--- What you need to do ---
Pictures are to be omitted, and every entry below is to be restated exactly.

--------------------------------

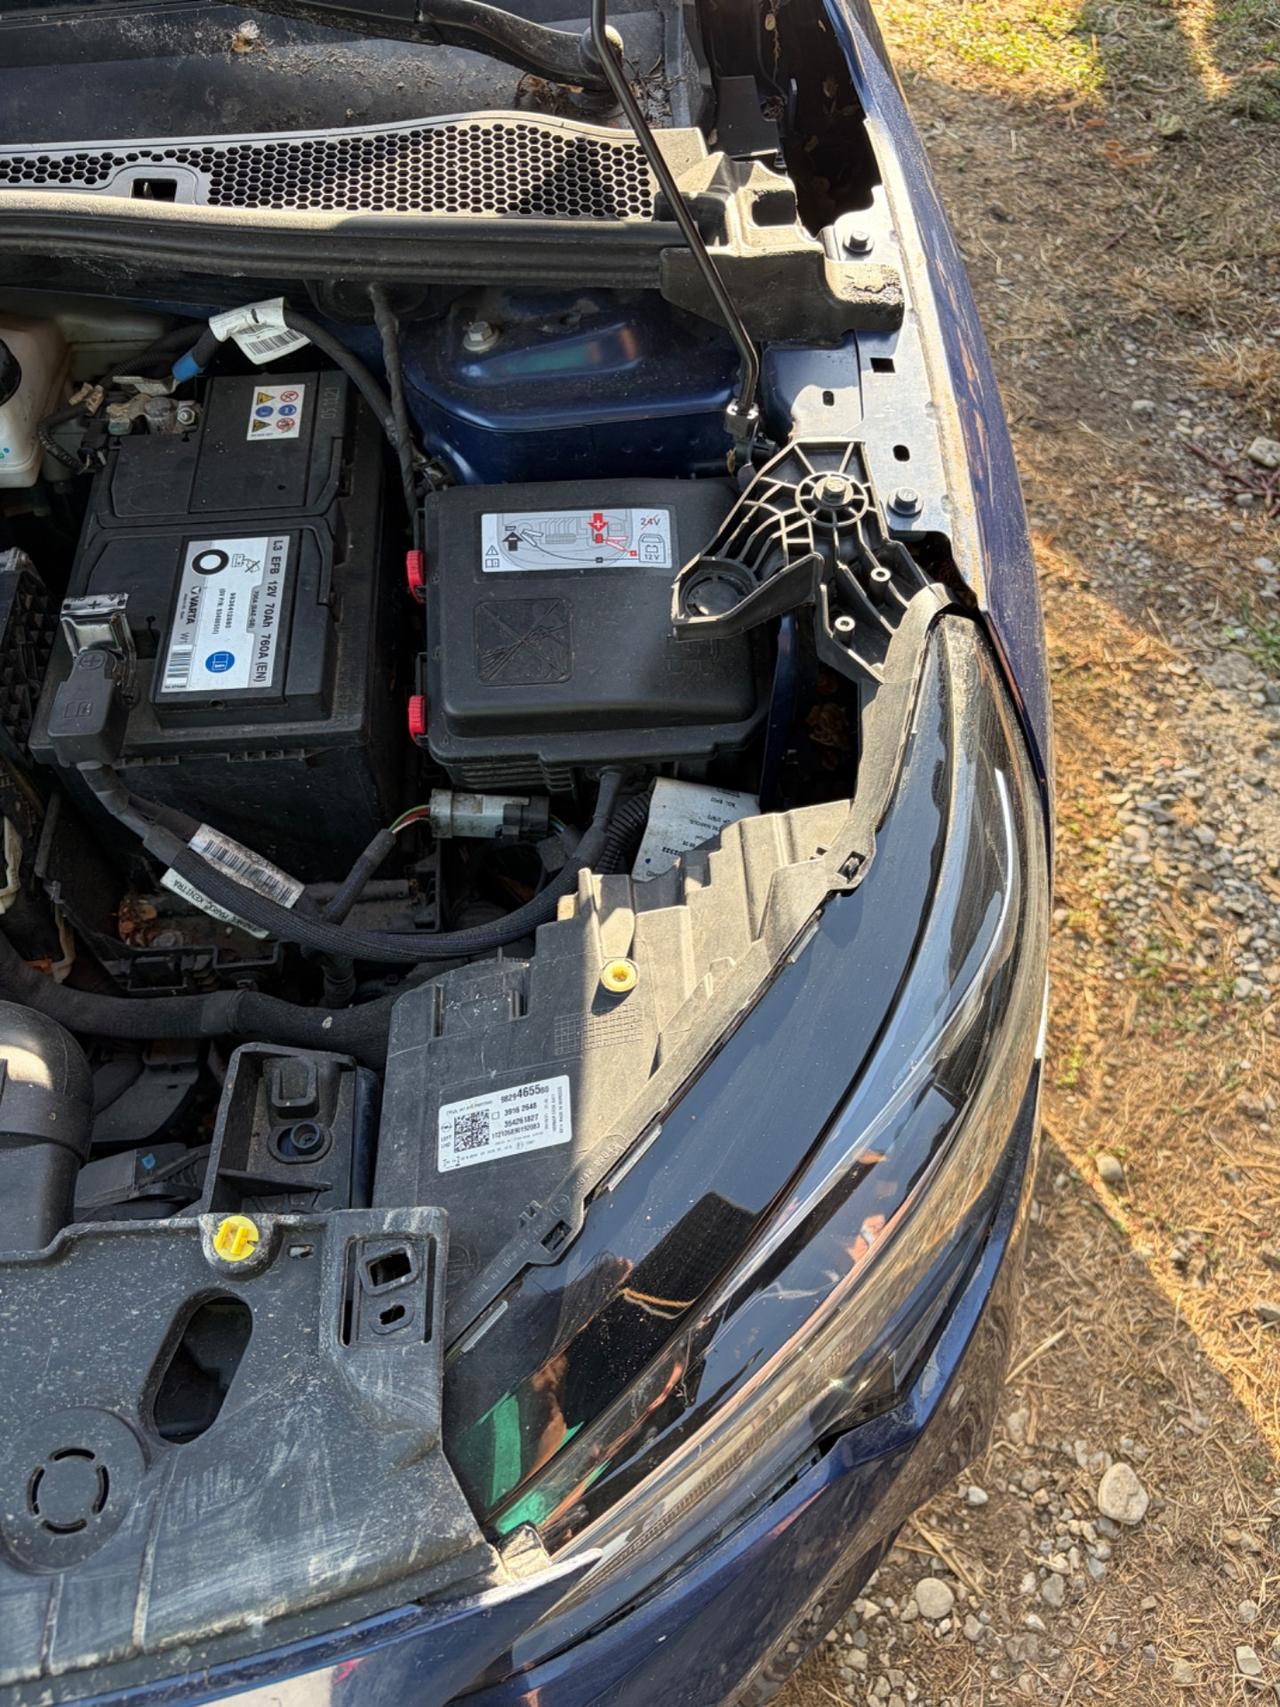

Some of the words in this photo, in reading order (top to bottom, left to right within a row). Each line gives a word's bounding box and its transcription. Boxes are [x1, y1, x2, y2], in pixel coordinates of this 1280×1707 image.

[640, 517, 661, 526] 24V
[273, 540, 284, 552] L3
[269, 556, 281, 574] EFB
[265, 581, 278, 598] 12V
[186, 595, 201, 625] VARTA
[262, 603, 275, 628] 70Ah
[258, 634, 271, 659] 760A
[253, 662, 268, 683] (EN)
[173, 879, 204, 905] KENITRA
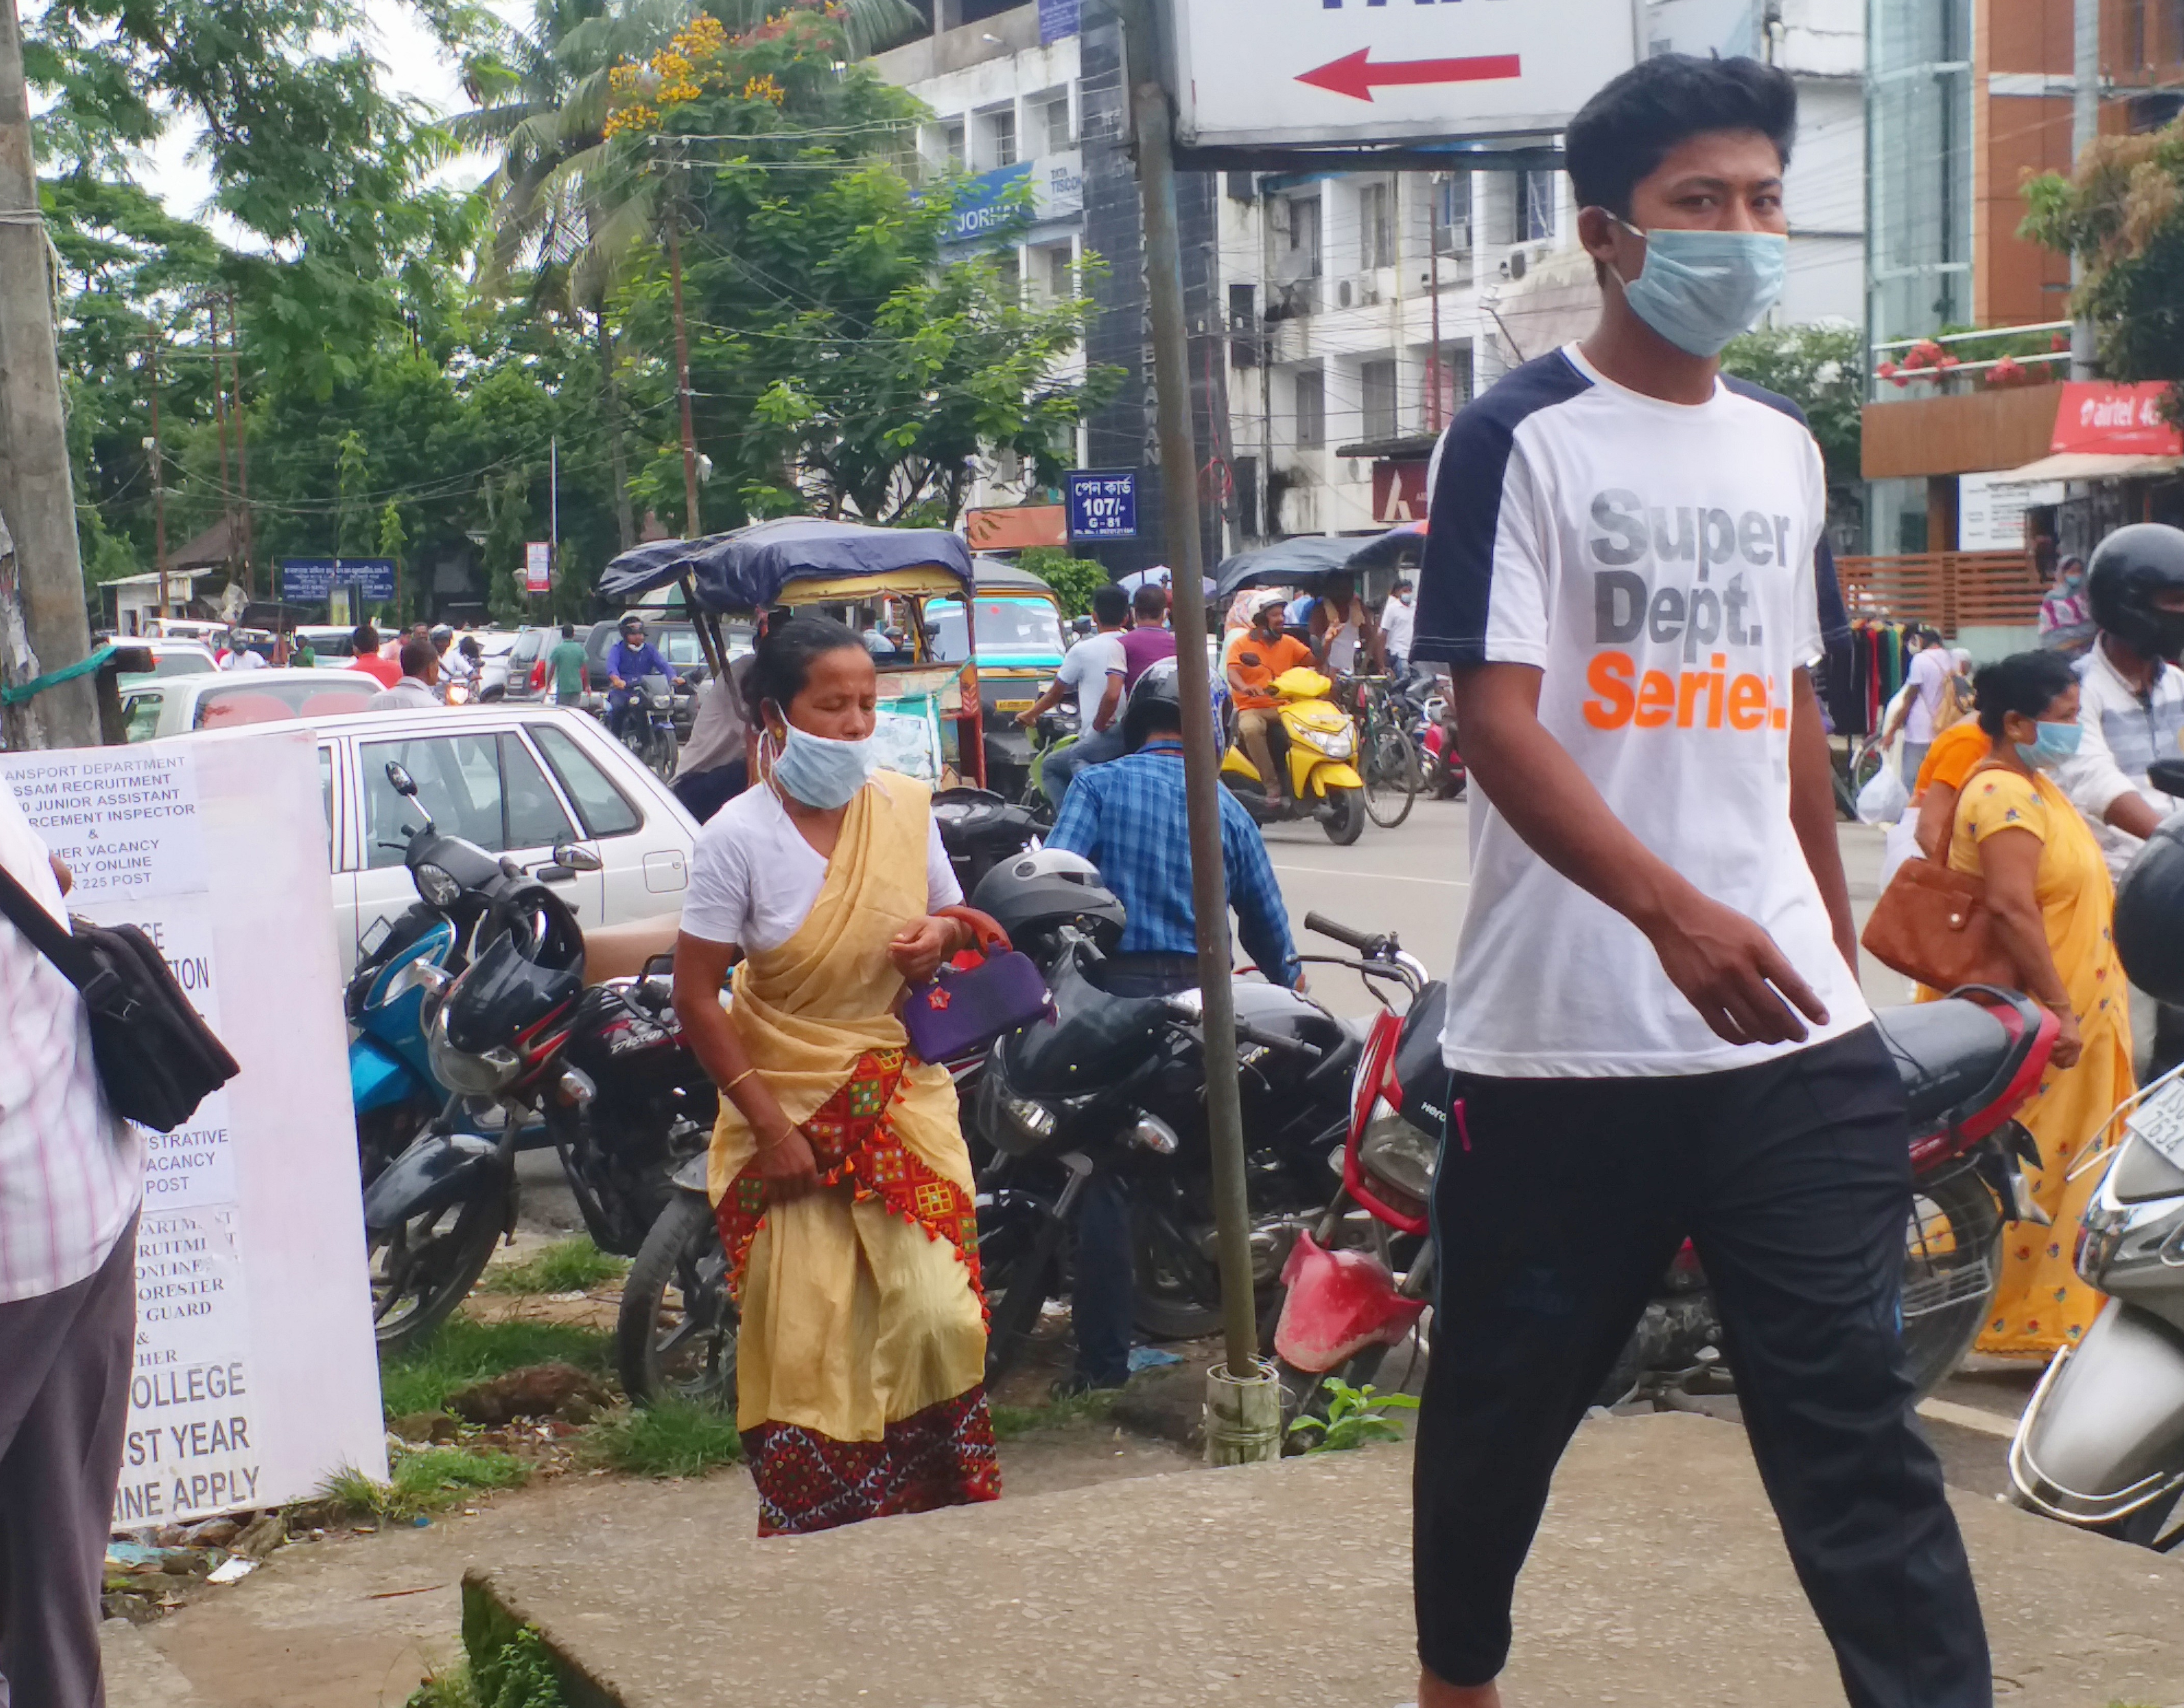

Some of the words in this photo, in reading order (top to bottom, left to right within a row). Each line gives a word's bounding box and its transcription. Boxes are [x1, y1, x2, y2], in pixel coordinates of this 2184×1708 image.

--------------------------------

--- Output of the exercise ---
Some of the words in this photo, in reading order (top to bottom, left to right within a row). Each line gives a word's bounding box and its transcription. Boxes are [x1, y1, x2, y2], in pixel coordinates of this 1280×1707 image.

[640, 517, 661, 526] 24V
[273, 540, 284, 552] L3
[269, 556, 281, 574] EFB
[265, 581, 278, 598] 12V
[186, 595, 201, 625] VARTA
[262, 603, 275, 628] 70Ah
[258, 634, 271, 659] 760A
[253, 662, 268, 683] (EN)
[173, 879, 204, 905] KENITRA

Some of the words in this photo, in reading order (top to bottom, left to right within a row). Each line gives a word's bounding box and its transcription. Boxes are [x1, y1, x2, y2], in pixel coordinates of this 2184×1708 image.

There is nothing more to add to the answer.